- _Exercise objective_: An exact copy of every entry below is needed.

- _Input records_:
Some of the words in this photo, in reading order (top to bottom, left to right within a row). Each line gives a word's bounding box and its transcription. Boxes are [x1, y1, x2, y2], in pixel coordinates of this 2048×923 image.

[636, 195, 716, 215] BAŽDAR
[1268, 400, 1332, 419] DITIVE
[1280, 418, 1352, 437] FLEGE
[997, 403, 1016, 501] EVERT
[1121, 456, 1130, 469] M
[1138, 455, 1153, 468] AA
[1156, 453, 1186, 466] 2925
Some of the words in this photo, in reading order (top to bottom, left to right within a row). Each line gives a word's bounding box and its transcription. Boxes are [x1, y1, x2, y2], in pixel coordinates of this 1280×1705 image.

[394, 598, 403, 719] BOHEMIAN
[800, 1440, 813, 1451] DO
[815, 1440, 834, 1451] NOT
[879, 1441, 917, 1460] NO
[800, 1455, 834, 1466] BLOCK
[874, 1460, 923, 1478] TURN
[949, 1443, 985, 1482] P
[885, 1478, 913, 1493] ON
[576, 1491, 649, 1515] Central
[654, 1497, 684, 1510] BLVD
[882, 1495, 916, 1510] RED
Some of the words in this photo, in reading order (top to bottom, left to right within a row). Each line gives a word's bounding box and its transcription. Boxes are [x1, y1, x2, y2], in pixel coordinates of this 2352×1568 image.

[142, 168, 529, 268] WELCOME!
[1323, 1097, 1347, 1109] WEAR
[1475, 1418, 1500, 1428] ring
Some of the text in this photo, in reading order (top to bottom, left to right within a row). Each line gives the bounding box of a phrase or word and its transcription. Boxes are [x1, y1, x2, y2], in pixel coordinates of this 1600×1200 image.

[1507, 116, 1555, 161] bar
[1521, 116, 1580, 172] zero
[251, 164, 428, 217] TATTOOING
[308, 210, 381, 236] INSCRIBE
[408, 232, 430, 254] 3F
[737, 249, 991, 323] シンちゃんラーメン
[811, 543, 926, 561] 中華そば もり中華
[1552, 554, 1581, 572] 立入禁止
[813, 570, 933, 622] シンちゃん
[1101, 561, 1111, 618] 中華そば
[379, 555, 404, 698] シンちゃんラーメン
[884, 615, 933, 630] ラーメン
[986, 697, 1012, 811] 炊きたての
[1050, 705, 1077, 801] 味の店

- _Exercise solution_:
Some of the words in this photo, in reading order (top to bottom, left to right within a row). Each line gives a word's bounding box and its transcription. Boxes are [x1, y1, x2, y2], in pixel coordinates of this 2048×923 image.

[636, 195, 716, 215] BAŽDAR
[1268, 400, 1332, 419] DITIVE
[1280, 418, 1352, 437] FLEGE
[997, 403, 1016, 501] EVERT
[1121, 456, 1130, 469] M
[1138, 455, 1153, 468] AA
[1156, 453, 1186, 466] 2925
Some of the words in this photo, in reading order (top to bottom, left to right within a row). Each line gives a word's bounding box and its transcription. Boxes are [x1, y1, x2, y2], in pixel coordinates of this 1280×1705 image.

[394, 598, 403, 719] BOHEMIAN
[800, 1440, 813, 1451] DO
[815, 1440, 834, 1451] NOT
[879, 1441, 917, 1460] NO
[800, 1455, 834, 1466] BLOCK
[874, 1460, 923, 1478] TURN
[949, 1443, 985, 1482] P
[885, 1478, 913, 1493] ON
[576, 1491, 649, 1515] Central
[654, 1497, 684, 1510] BLVD
[882, 1495, 916, 1510] RED
Some of the words in this photo, in reading order (top to bottom, left to right within a row). Each line gives a word's bounding box and its transcription. Boxes are [x1, y1, x2, y2], in pixel coordinates of this 2352×1568 image.

[142, 168, 529, 268] WELCOME!
[1323, 1097, 1347, 1109] WEAR
[1475, 1418, 1500, 1428] ring
Some of the text in this photo, in reading order (top to bottom, left to right within a row). Each line gives the bounding box of a phrase or word and its transcription. Boxes are [x1, y1, x2, y2], in pixel coordinates of this 1600×1200 image.

[1507, 116, 1555, 161] bar
[1521, 116, 1580, 172] zero
[251, 164, 428, 217] TATTOOING
[308, 210, 381, 236] INSCRIBE
[408, 232, 430, 254] 3F
[737, 249, 991, 323] シンちゃんラーメン
[811, 543, 926, 561] 中華そば もり中華
[1552, 554, 1581, 572] 立入禁止
[813, 570, 933, 622] シンちゃん
[1101, 561, 1111, 618] 中華そば
[379, 555, 404, 698] シンちゃんラーメン
[884, 615, 933, 630] ラーメン
[986, 697, 1012, 811] 炊きたての
[1050, 705, 1077, 801] 味の店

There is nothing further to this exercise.